━━━━━ RECORDS PROVIDED

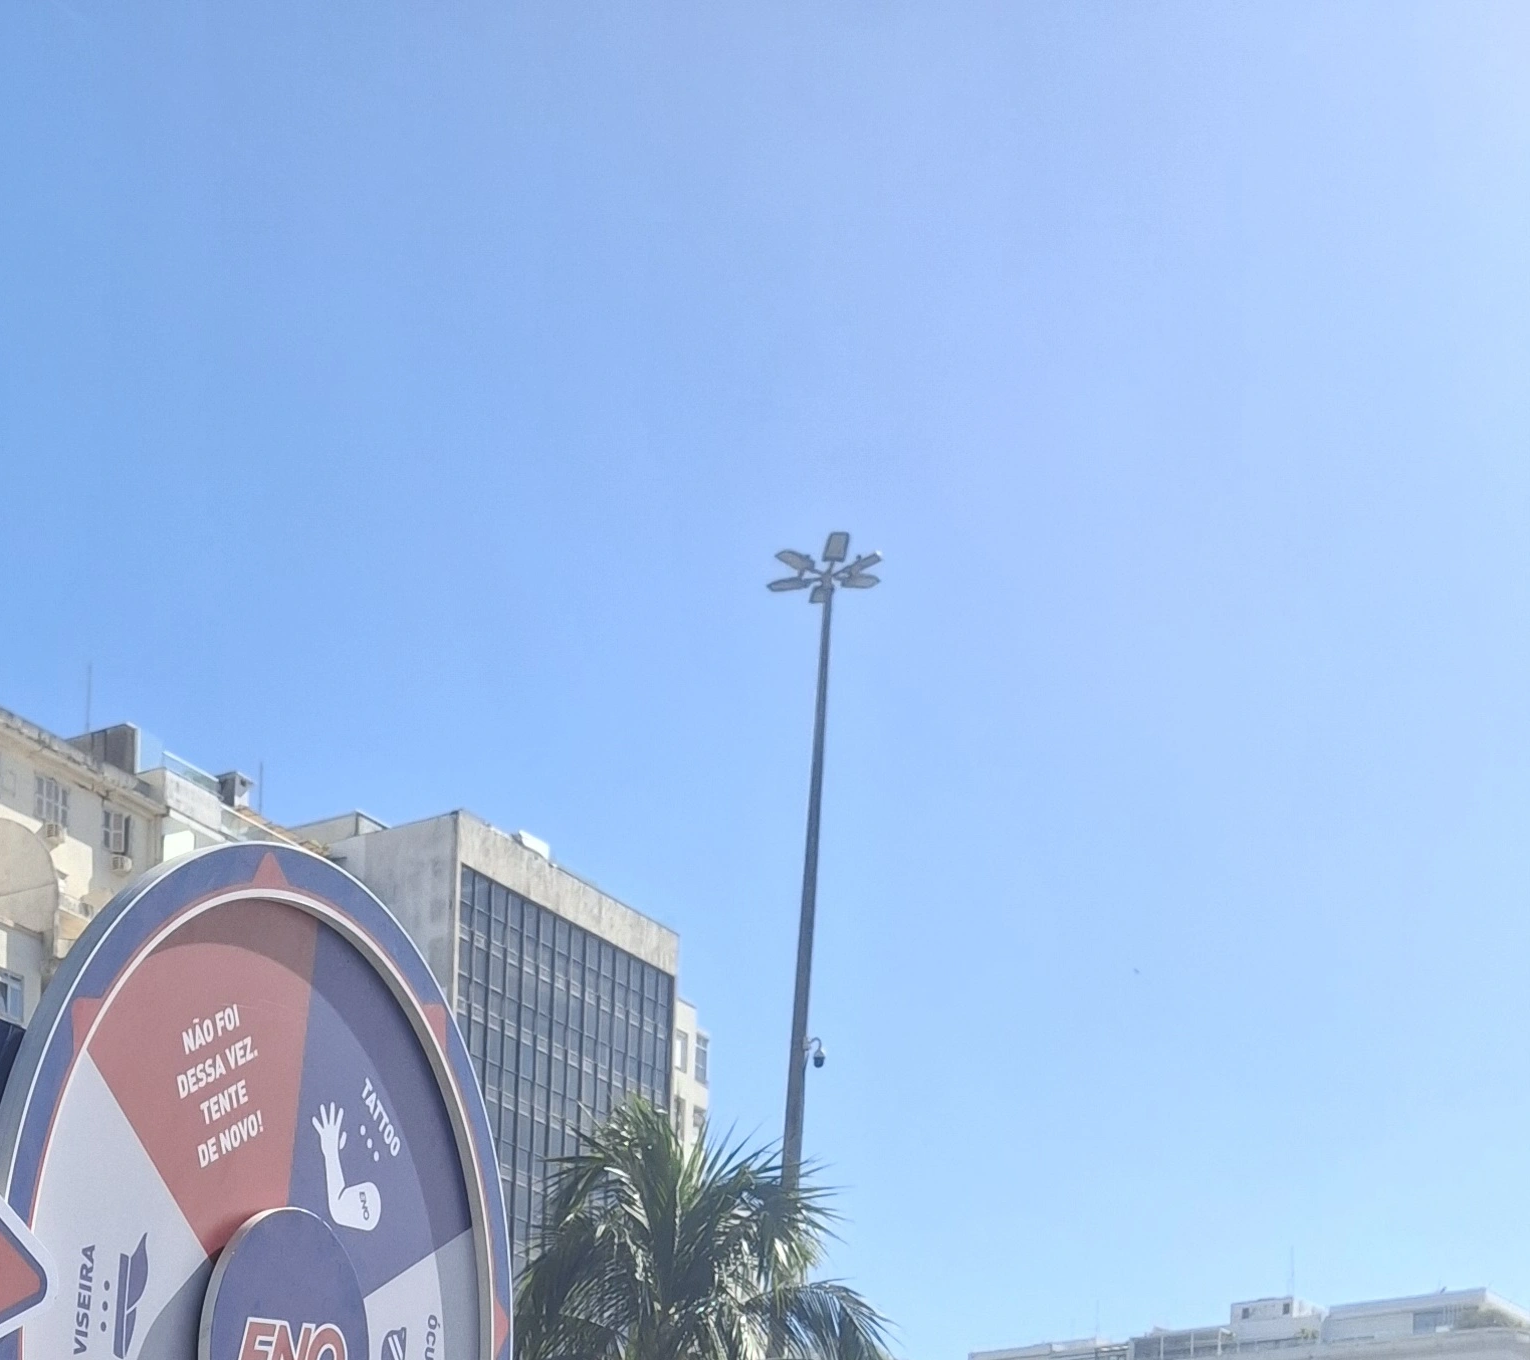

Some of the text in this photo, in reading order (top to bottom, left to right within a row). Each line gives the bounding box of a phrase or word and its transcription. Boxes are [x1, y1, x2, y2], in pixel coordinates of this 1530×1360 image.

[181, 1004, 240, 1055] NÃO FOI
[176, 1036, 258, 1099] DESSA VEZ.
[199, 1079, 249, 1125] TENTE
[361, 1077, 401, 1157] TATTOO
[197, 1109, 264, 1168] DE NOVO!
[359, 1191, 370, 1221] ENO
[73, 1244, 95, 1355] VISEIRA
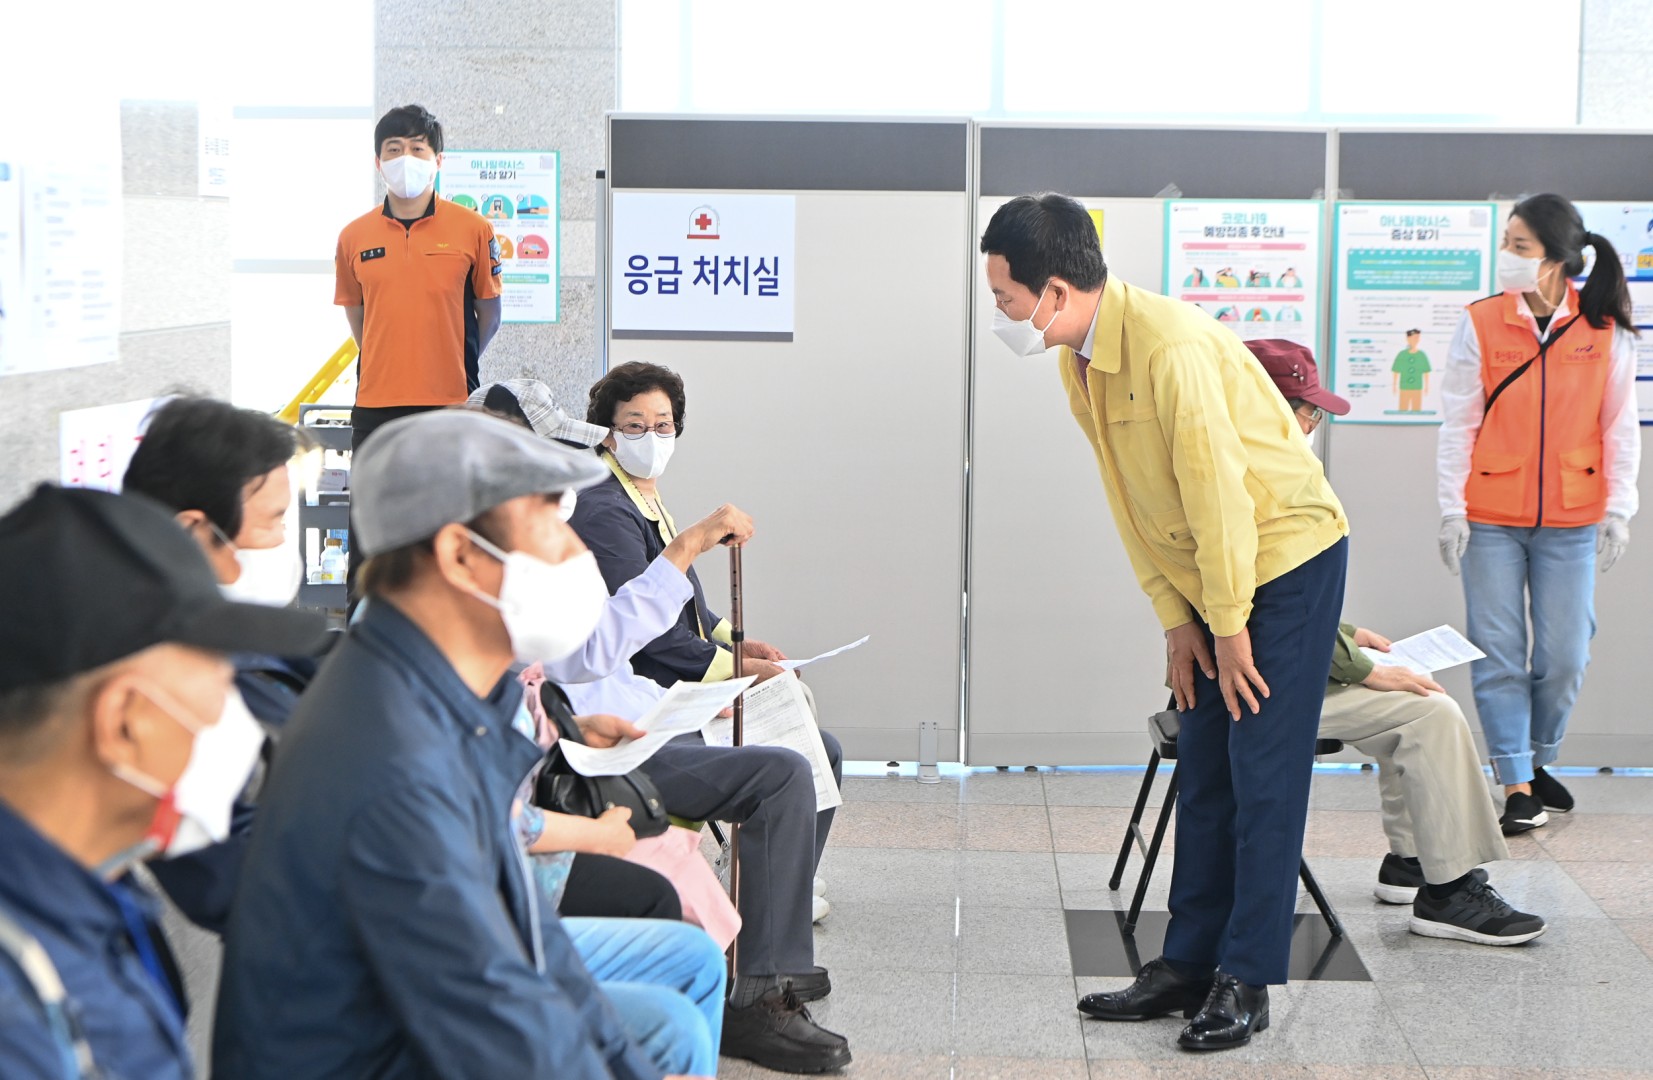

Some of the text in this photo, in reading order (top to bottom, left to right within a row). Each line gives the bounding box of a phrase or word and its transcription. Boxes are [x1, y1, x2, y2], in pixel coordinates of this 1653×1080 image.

━━━━━━━━━━
━━━━━ RECORDS PROVIDED

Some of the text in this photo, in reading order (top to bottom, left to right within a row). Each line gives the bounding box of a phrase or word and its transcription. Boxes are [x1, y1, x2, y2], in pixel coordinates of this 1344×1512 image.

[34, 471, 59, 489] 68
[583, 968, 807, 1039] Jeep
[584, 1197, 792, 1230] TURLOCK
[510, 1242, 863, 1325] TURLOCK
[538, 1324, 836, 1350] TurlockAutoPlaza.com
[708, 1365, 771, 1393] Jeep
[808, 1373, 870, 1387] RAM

━━━━━━━━━━

# ACTIVITY
Lines wanted from the entries above: the one with "this 1530×1360 image.", the one with "this 1653×1080 image.", and all lines between. Please copy them exactly, without the pictures and without anything else.

# WRITTEN RESPONSE
Some of the text in this photo, in reading order (top to bottom, left to right within a row). Each line gives the bounding box of a phrase or word and its transcription. Boxes are [x1, y1, x2, y2], in pixel coordinates of this 1530×1360 image.

[181, 1004, 240, 1055] NÃO FOI
[176, 1036, 258, 1099] DESSA VEZ.
[199, 1079, 249, 1125] TENTE
[361, 1077, 401, 1157] TATTOO
[197, 1109, 264, 1168] DE NOVO!
[359, 1191, 370, 1221] ENO
[73, 1244, 95, 1355] VISEIRA

Some of the text in this photo, in reading order (top to bottom, left to right within a row). Each line gives the bounding box of a phrase or word and its transcription. Boxes are [x1, y1, x2, y2], in pixel coordinates of this 1653×1080 image.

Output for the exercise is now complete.